Yes — at the median salary of $100K, rent takes 19.4% of take-home pay. A 2-bedroom at the HUD Fair Market Rent runs $1,202/month. That stays under the 30% guideline most financial planners use.
What’s the entry-level salary for economics teachers, postsecondaries in Wisconsin?
The 10th-percentile wage — what new economics teachers, postsecondaries typically earn — is $72K/year. Take-home on that works out to about $4,662/month. At HUD’s $1,202/month FMR, rent would take 26% of that take-home — manageable on an entry-level income.
Is economics teachers, postsecondary a high-paying job in Wisconsin?
Local pay runs 19% below the national median — $100K here vs. $124K nationally.
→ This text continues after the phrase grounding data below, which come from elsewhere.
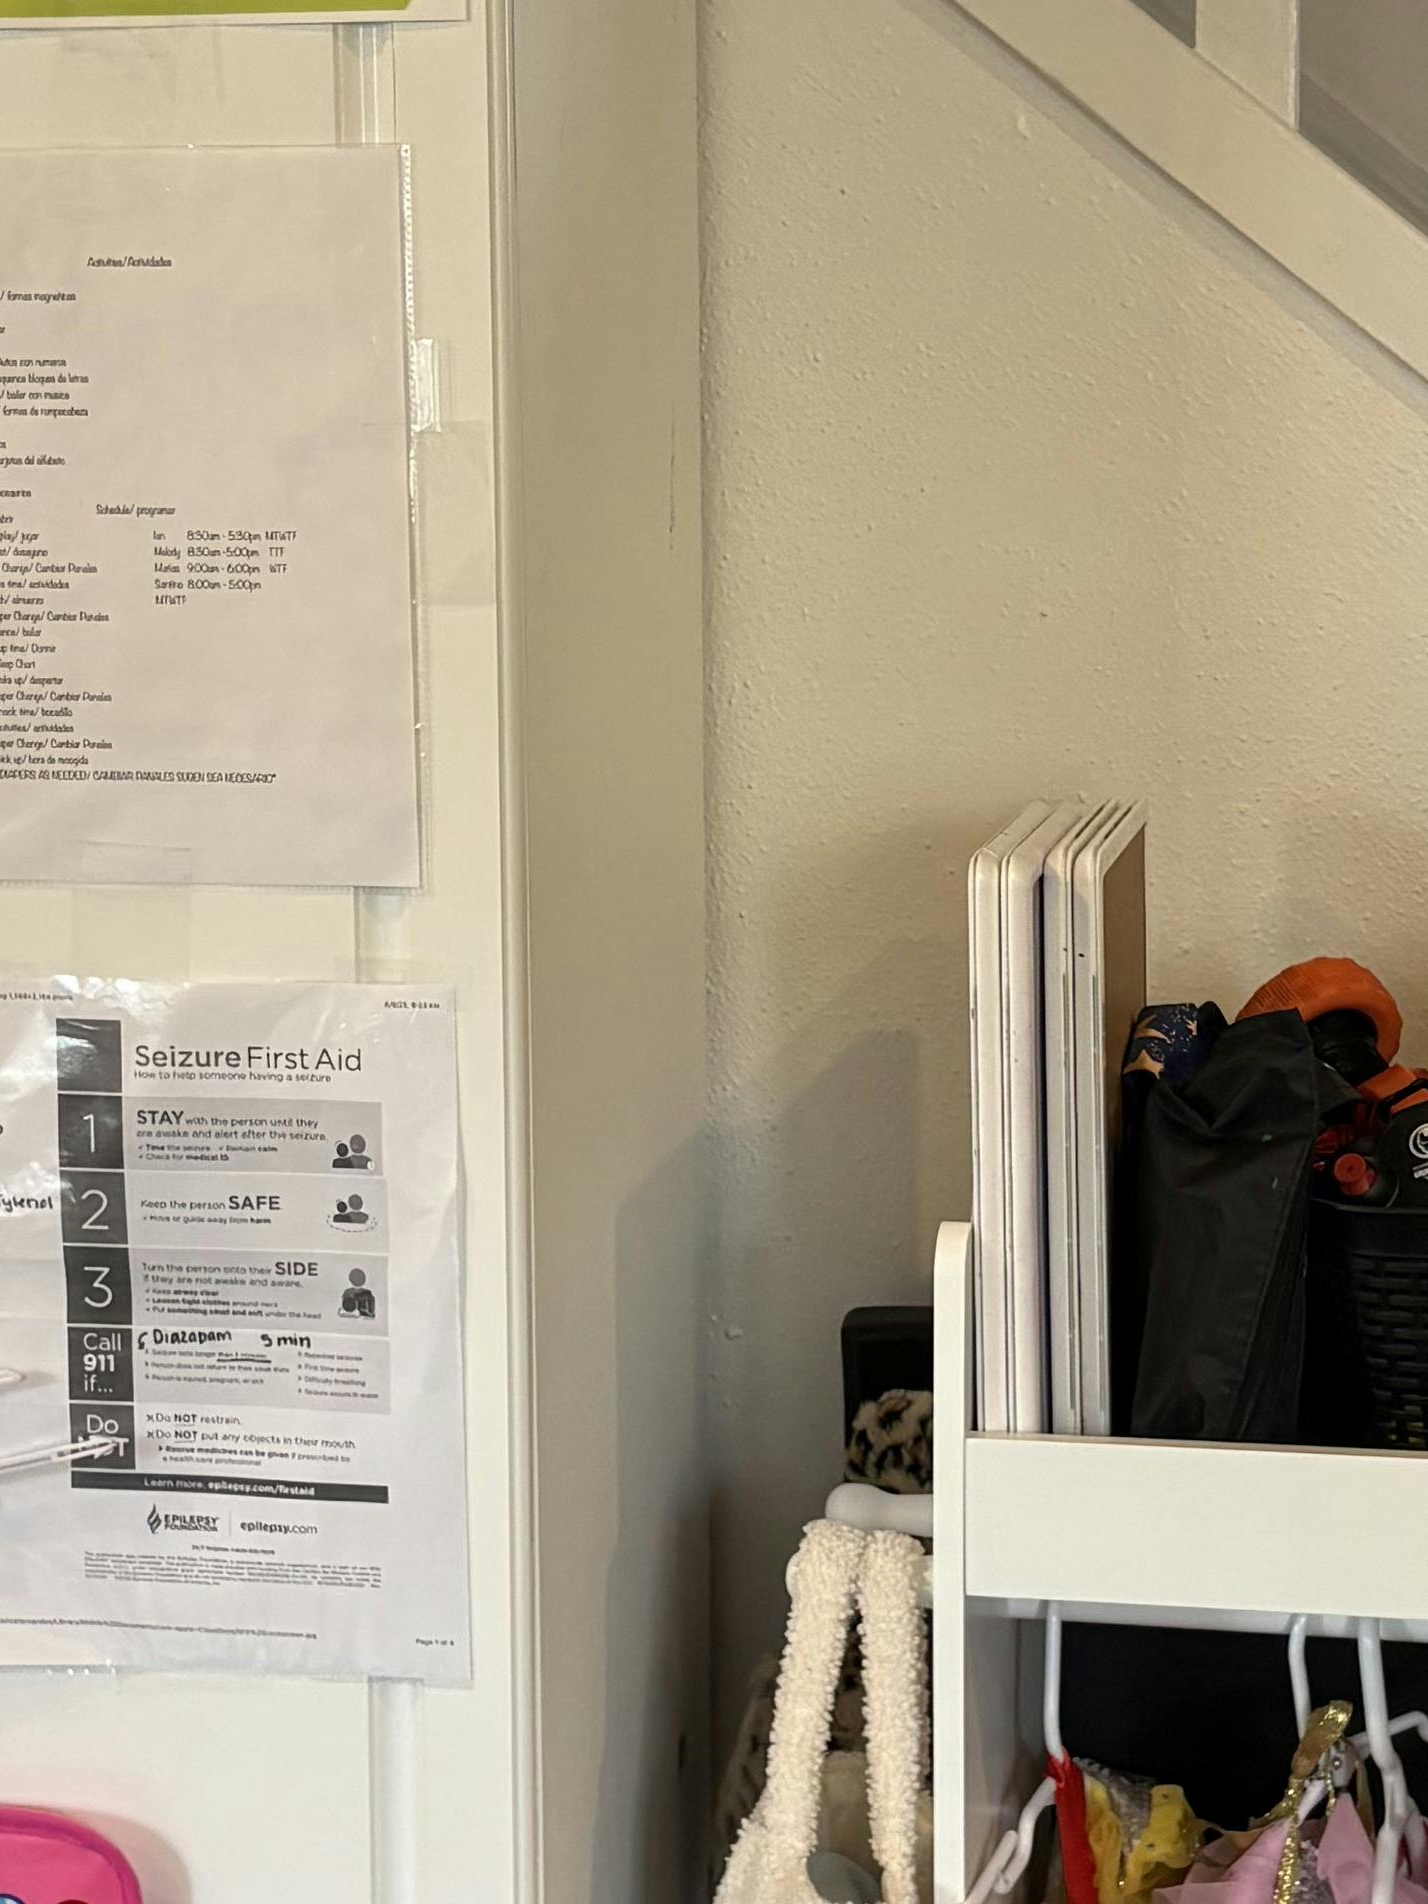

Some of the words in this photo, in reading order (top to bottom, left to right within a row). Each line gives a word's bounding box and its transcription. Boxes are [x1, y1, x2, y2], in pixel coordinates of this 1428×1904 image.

[134, 1045, 242, 1069] Seizure
[247, 1046, 309, 1071] First
[315, 1047, 363, 1072] Aid
[136, 1109, 185, 1127] STAY
[82, 1114, 96, 1153] 1
[81, 1189, 110, 1231] 2
[228, 1195, 282, 1211] SAFE
[274, 1261, 320, 1277] SIDE
[83, 1266, 114, 1309] 3
[83, 1332, 122, 1352] Call
[277, 1333, 312, 1348] min
[83, 1354, 115, 1373] 911
[86, 1413, 120, 1435] Do
[173, 1413, 198, 1424] NOT
[174, 1429, 198, 1441] NOT
[163, 1513, 220, 1526] EPILEPSY
[239, 1519, 319, 1537] epilepsy.com
Cost of living is 6% below the national average, which narrows that gap in real purchasing power.
How does Wisconsin compare to the national average for economics teachers, postsecondaries?
Wisconsin pays $100K median vs. the U.S. average of $124K — that’s -19%. After adjusting for local cost of living (RPP 94.33), the purchasing-power equivalent is $106K — below the national median.
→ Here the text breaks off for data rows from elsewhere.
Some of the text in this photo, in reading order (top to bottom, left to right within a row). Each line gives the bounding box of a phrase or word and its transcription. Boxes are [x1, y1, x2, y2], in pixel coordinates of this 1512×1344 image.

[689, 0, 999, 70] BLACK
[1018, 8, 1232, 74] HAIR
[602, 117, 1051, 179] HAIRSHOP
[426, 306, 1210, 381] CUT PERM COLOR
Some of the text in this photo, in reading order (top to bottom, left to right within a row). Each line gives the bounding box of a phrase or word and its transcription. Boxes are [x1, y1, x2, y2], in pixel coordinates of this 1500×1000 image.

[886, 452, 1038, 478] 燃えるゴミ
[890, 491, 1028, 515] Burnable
How much do economics teachers, postsecondaries make in Wisconsin?
The median is $99,970 a year. But the range is wide: entry-level workers start around $71,500, and experienced economics teachers, postsecondaries can clear $222,110. These are BLS numbers, based on employer-reported data, not self-reported surveys.
Is $100K enough to live in Wisconsin?
On that salary, you'd take home roughly $6,205/month after taxes. A 2-bedroom here rents for about $1,202/month, which eats 19.4% of your paycheck. That's under the 30% guideline most financial planners use, so the numbers work.
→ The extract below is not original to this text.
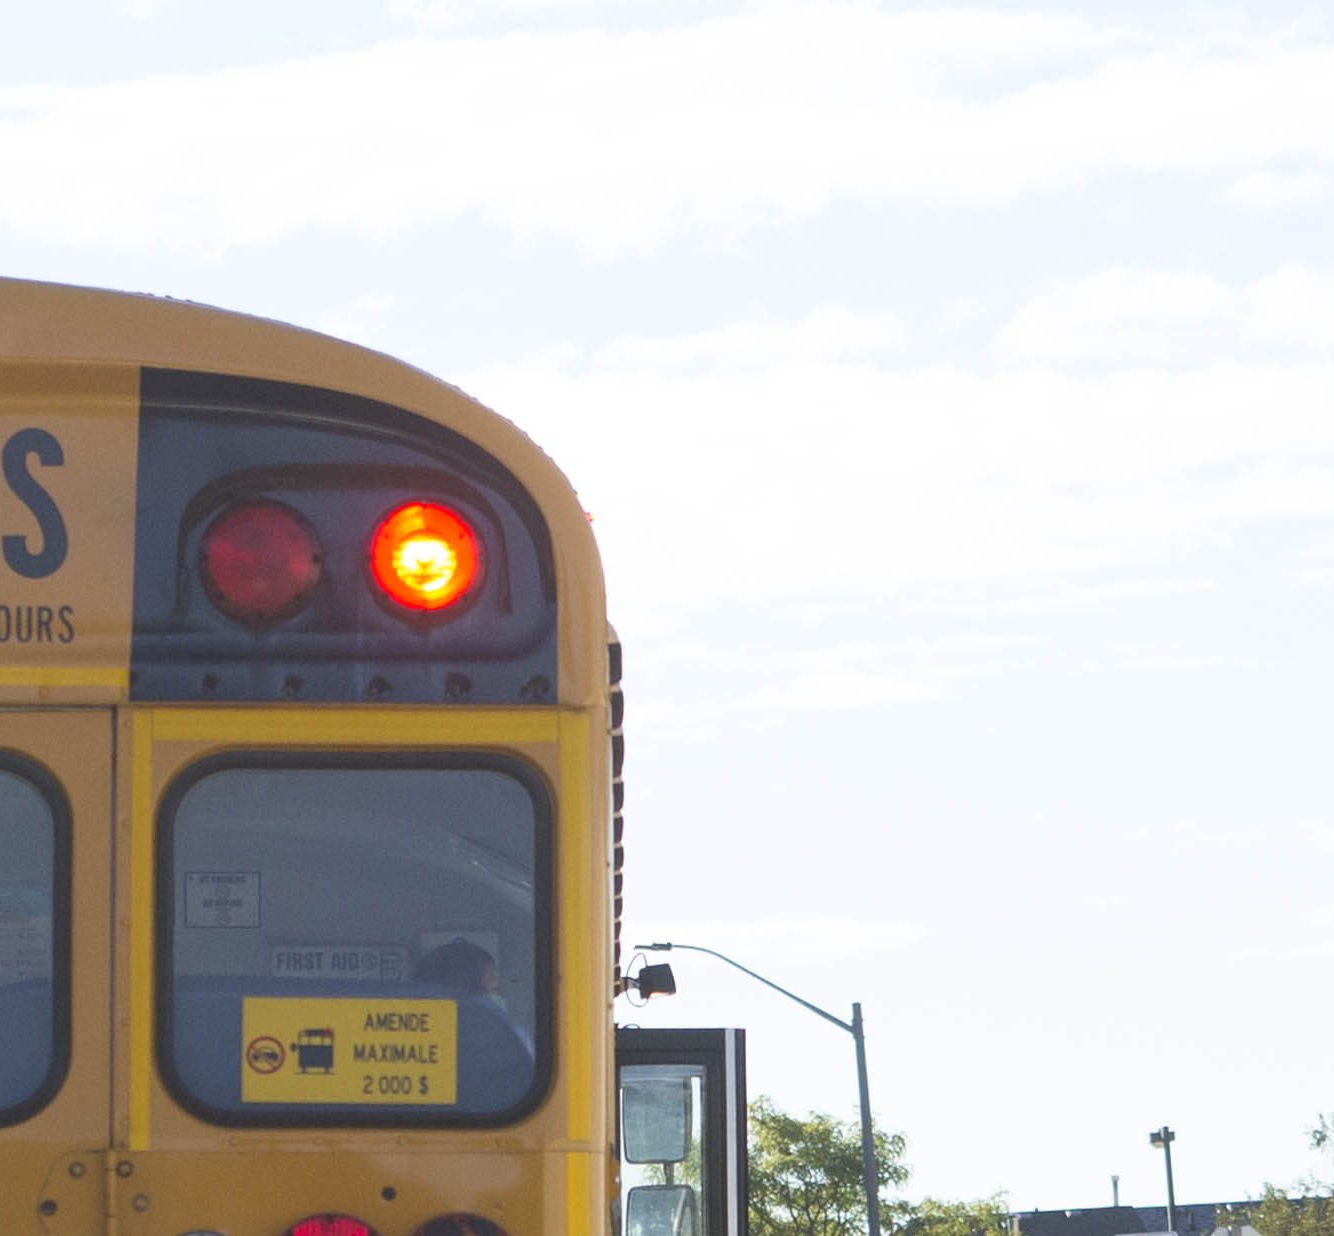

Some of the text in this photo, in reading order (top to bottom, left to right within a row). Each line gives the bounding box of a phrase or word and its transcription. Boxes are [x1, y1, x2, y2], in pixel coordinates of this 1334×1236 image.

How far does a economics teachers, postsecondary salary go in Wisconsin?
Wisconsin has a Regional Price Parity of 94.33 (100 is the national average). That's below average, your money stretches further here than the raw salary number suggests. After cost-of-living adjustment, the median economics teachers, postsecondary salary is worth about $105,979 in national-average purchasing power.
Where do economics teachers, postsecondaries get paid the most?
The table above ranks every state by median pay for this role. Keep in mind that the highest-paying states tend to have the highest costs of living, so the top salary doesn't always mean the most money in your pocket.